%%

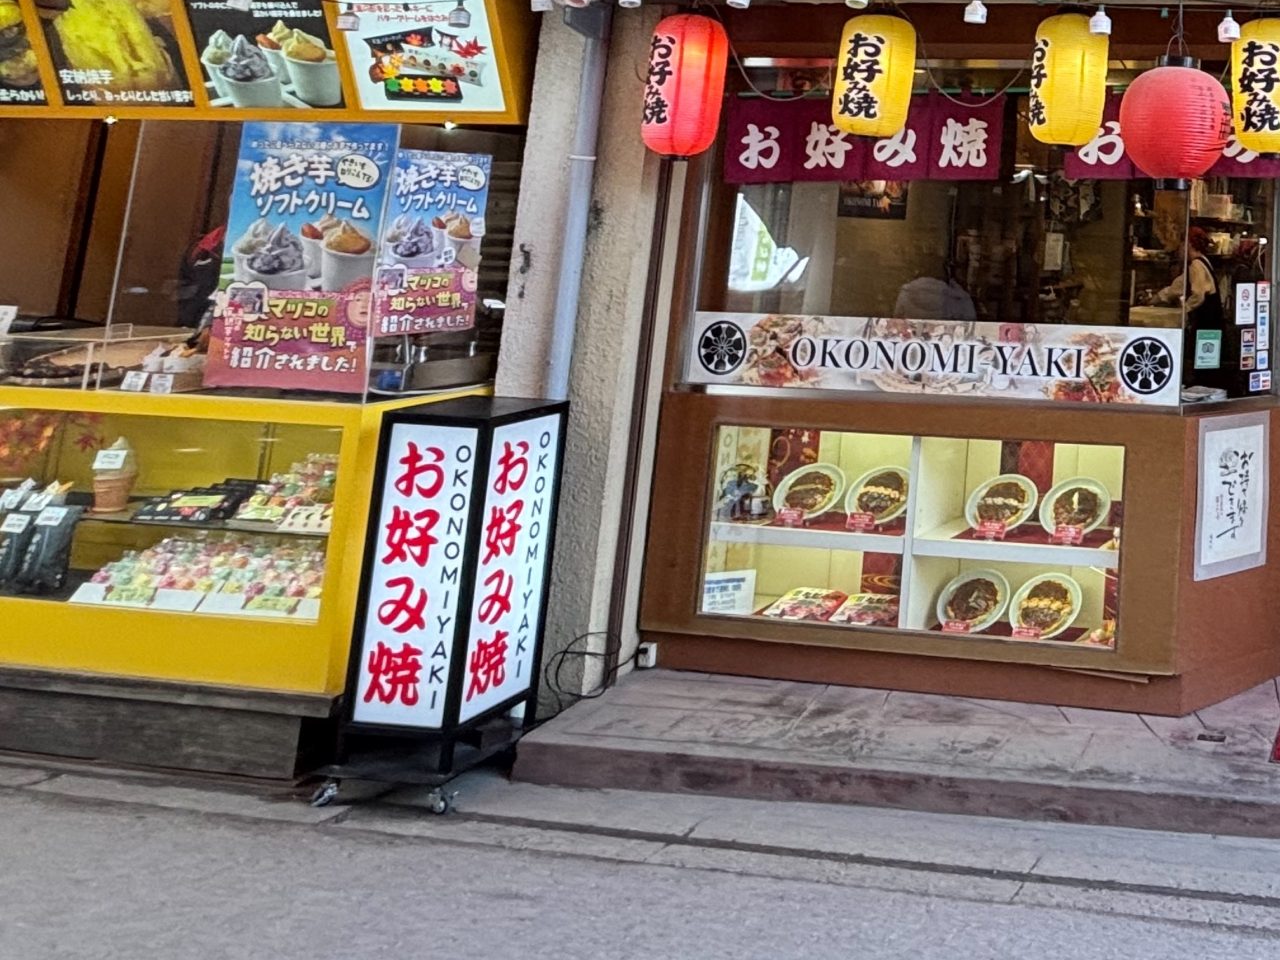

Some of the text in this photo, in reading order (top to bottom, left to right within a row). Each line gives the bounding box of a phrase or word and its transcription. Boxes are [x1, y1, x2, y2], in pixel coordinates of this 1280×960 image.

[838, 32, 885, 120] お好み焼
[1239, 40, 1280, 133] お好み焼
[739, 118, 988, 169] お好み焼
[250, 153, 336, 197] 焼き芋
[396, 163, 457, 197] 焼き芋
[256, 189, 371, 220] ソフトクリーム
[400, 191, 478, 214] ソフトクリーム
[407, 275, 450, 290] マツコの
[269, 298, 329, 320] マツコの
[381, 314, 470, 334] 紹介されました!
[242, 321, 358, 353] 知らない世界で
[791, 337, 1085, 379] OKONOMI-YAKI
[230, 346, 357, 373] 紹介されました!
[363, 440, 446, 707] お好み焼
[465, 440, 530, 703] お好み焼
[516, 431, 551, 680] OKONOMIYAKI
[429, 445, 473, 711] OKONOMIYAKI

%%

## EXERCISE
Write out the records word for word. Pictures stay out.

## OUTPUT FOR THIS TASK
Some of the text in this photo, in reading order (top to bottom, left to right within a row). Each line gives the bounding box of a phrase or word and its transcription. Boxes are [x1, y1, x2, y2], in pixel coordinates of this 1280×960 image.

[838, 32, 885, 120] お好み焼
[1239, 40, 1280, 133] お好み焼
[739, 118, 988, 169] お好み焼
[250, 153, 336, 197] 焼き芋
[396, 163, 457, 197] 焼き芋
[256, 189, 371, 220] ソフトクリーム
[400, 191, 478, 214] ソフトクリーム
[407, 275, 450, 290] マツコの
[269, 298, 329, 320] マツコの
[381, 314, 470, 334] 紹介されました!
[242, 321, 358, 353] 知らない世界で
[791, 337, 1085, 379] OKONOMI-YAKI
[230, 346, 357, 373] 紹介されました!
[363, 440, 446, 707] お好み焼
[465, 440, 530, 703] お好み焼
[516, 431, 551, 680] OKONOMIYAKI
[429, 445, 473, 711] OKONOMIYAKI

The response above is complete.